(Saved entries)

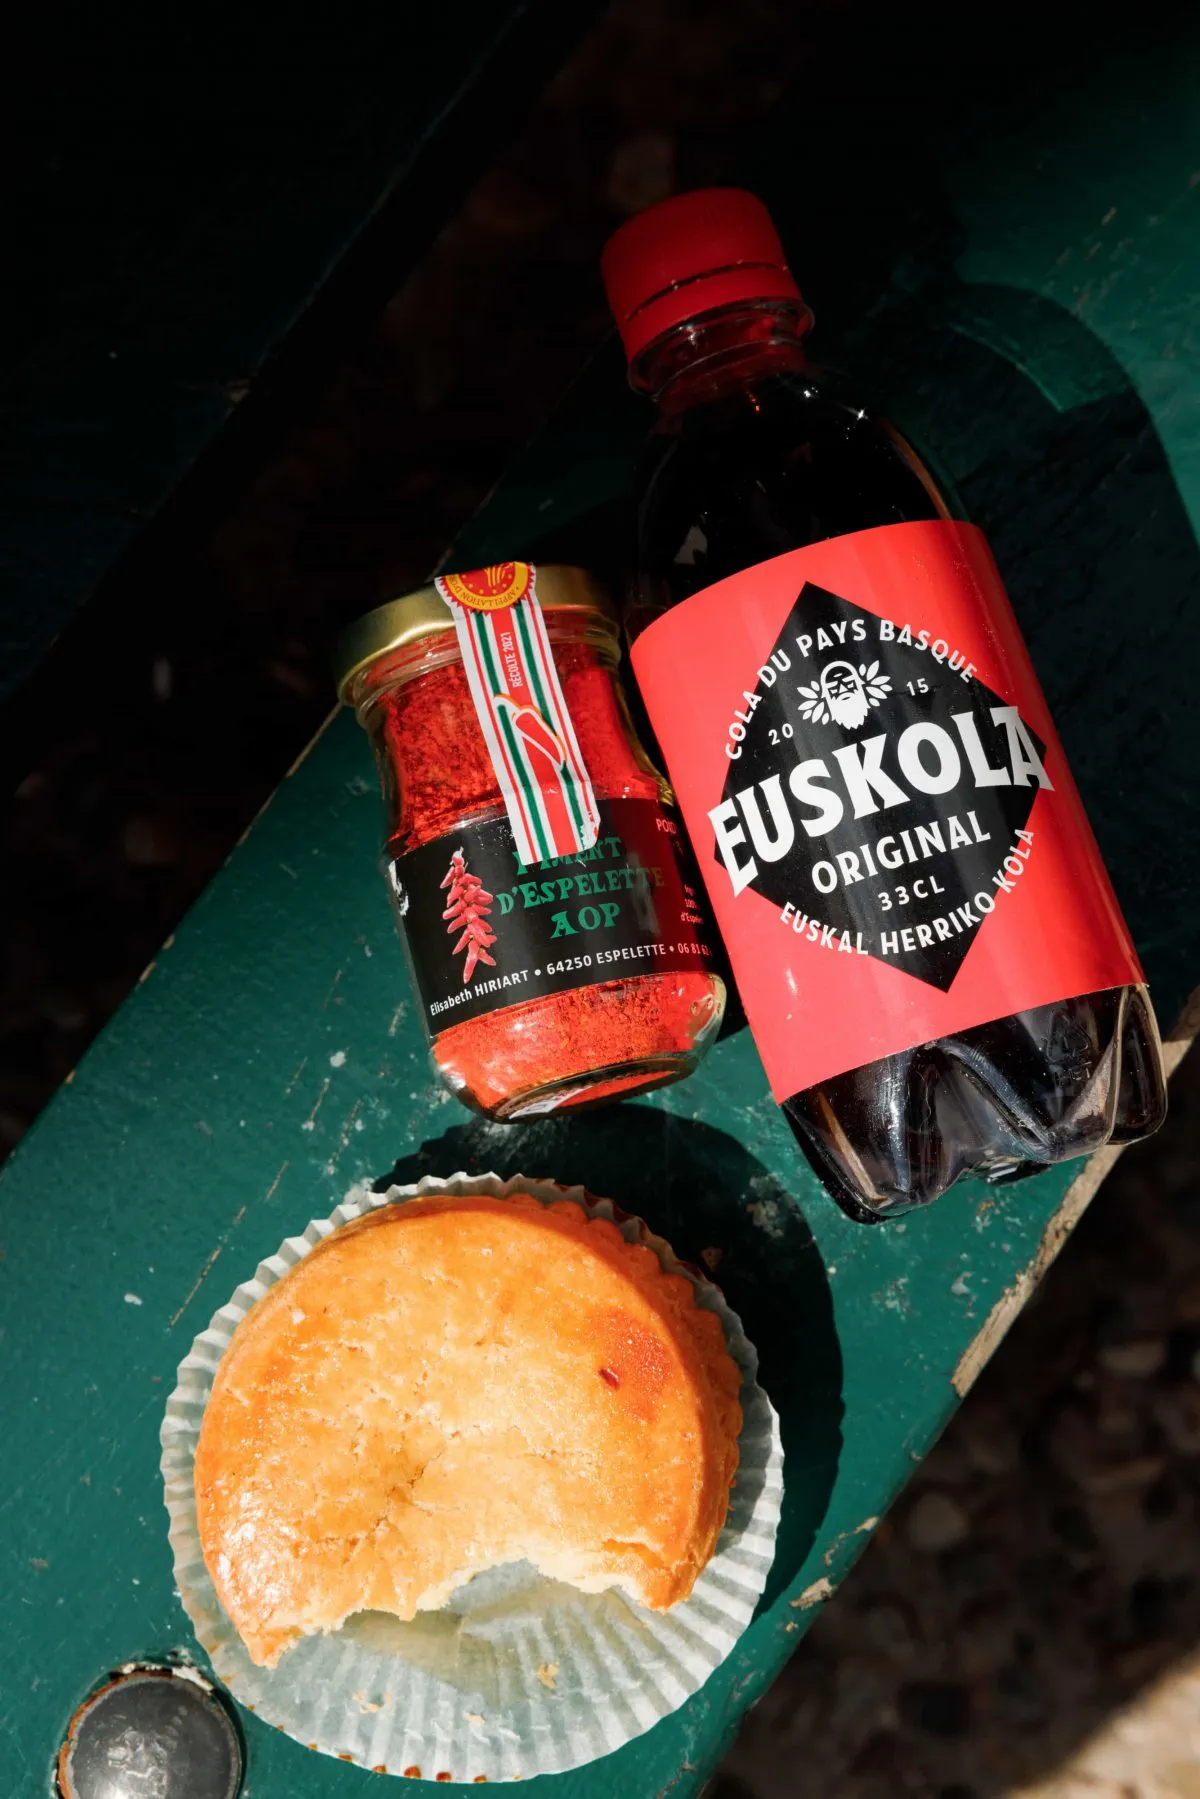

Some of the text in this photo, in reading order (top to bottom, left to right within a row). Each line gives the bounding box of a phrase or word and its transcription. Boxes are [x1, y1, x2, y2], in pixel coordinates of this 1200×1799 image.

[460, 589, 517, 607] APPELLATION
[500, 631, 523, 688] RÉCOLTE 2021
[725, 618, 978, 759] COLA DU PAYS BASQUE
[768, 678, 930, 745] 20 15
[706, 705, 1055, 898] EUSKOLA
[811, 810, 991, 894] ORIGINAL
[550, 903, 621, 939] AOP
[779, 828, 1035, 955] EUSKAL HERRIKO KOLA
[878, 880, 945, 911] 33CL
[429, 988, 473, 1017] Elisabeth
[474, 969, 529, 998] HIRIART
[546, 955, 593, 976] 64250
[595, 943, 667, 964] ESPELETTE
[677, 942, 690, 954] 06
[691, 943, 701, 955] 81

#### Work order
Omitting the pictures, copy each record above exactly as it stands.

#### Response to the exercise
Some of the text in this photo, in reading order (top to bottom, left to right within a row). Each line gives the bounding box of a phrase or word and its transcription. Boxes are [x1, y1, x2, y2], in pixel coordinates of this 1200×1799 image.

[460, 589, 517, 607] APPELLATION
[500, 631, 523, 688] RÉCOLTE 2021
[725, 618, 978, 759] COLA DU PAYS BASQUE
[768, 678, 930, 745] 20 15
[706, 705, 1055, 898] EUSKOLA
[811, 810, 991, 894] ORIGINAL
[550, 903, 621, 939] AOP
[779, 828, 1035, 955] EUSKAL HERRIKO KOLA
[878, 880, 945, 911] 33CL
[429, 988, 473, 1017] Elisabeth
[474, 969, 529, 998] HIRIART
[546, 955, 593, 976] 64250
[595, 943, 667, 964] ESPELETTE
[677, 942, 690, 954] 06
[691, 943, 701, 955] 81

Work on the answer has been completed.